The bay from which we departed is called the Bay of Horses. 1 We traveled seven days through those bays in waist-deep water without seeing any sign of the open sea. Then we arrived at an island 2 near the mainland. My boat was first. We saw five Indian canoes coming from the island, and the Indians abandoned the canoes when they saw us approaching them and left the canoes in our possession. The other boats overtook us and put in at some lodges on the island. There we saw many dried mullet and roe, which relieved our great hunger. After we took them, we went ahead, and two leagues from there passed a channel between the island and the mainland 3 which we called San Miguel in honor of the day on which we sailed out through it. 4 Once through it, we were on the open seacoast, where we used the canoes I had taken from the Indians to improve our boats, making washboards 5 from them and securing them in such as way that our vessels rose two spans above the water.

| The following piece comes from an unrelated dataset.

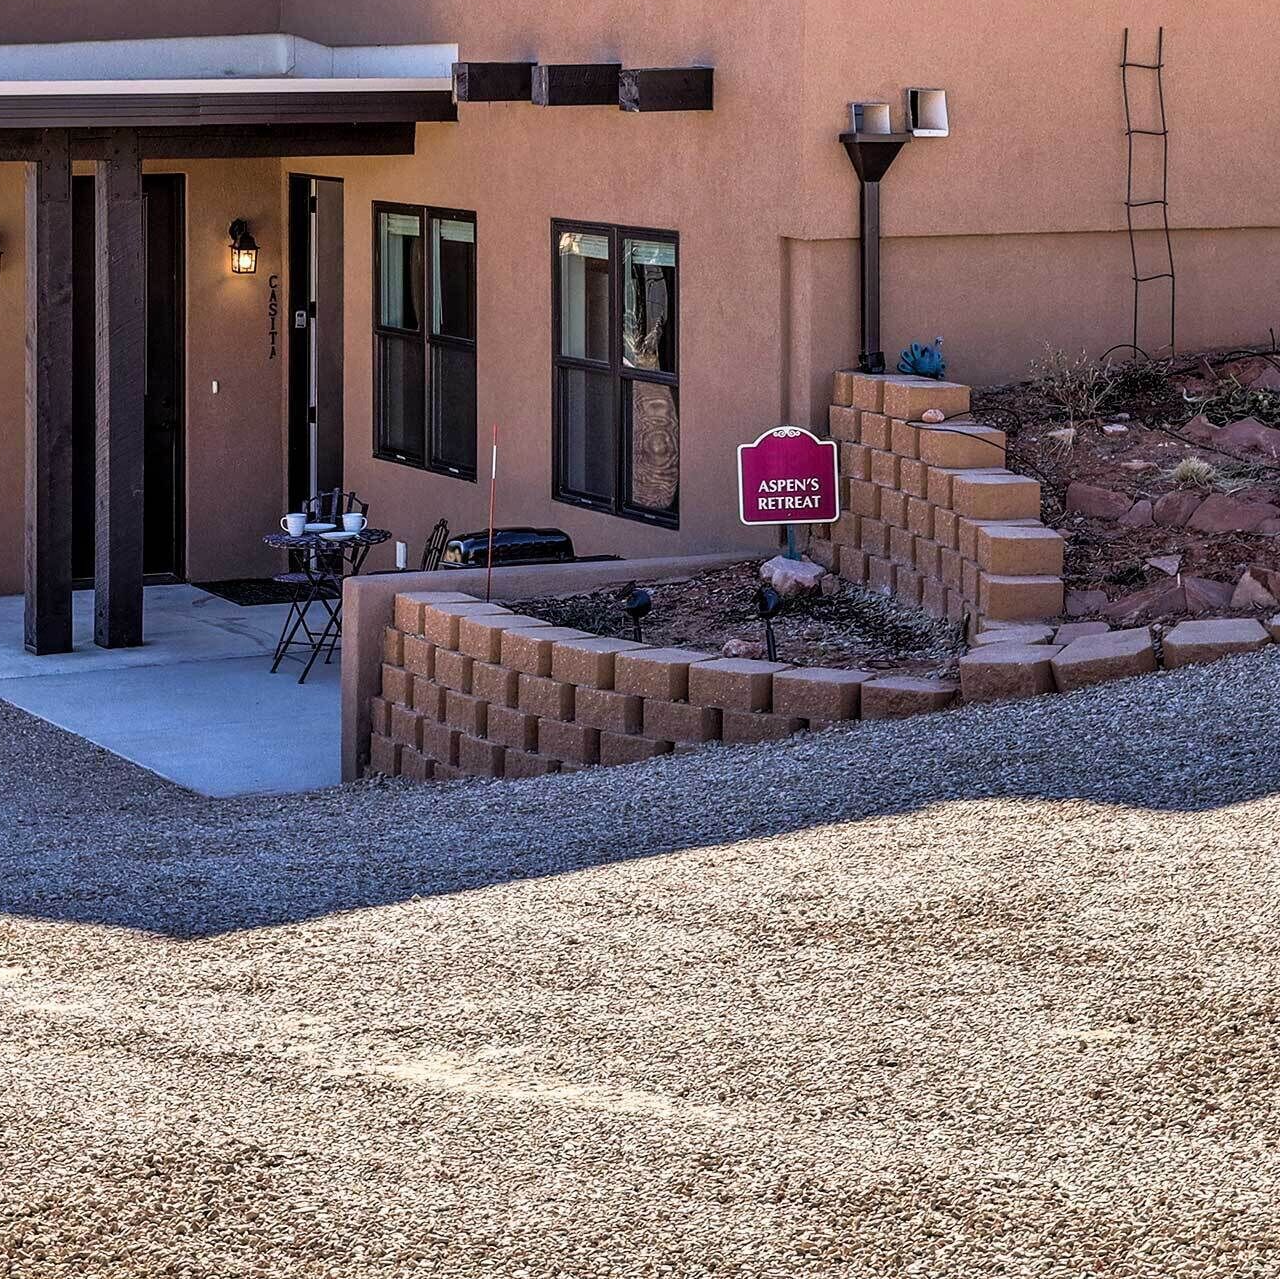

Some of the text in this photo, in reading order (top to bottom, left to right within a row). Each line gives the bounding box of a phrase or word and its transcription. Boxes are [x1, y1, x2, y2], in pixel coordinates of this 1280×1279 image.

[268, 275, 278, 360] CASITA
[758, 477, 820, 493] ASPEN'S
[758, 495, 822, 510] RETREAT

We then turned our attention to sailing along the coast in the direction of the River of Palms, with greater hunger and thirst each day because we had few provisions and these were running out. We ran out of water because the skins we made from the horses' legs rotted and became useless. Sometimes we entered inlets and bays that extended far inland, all of them shallow and dangerous. We went on this way for thirty days and sometimes encountered Indians who fished, a poor and wretched people.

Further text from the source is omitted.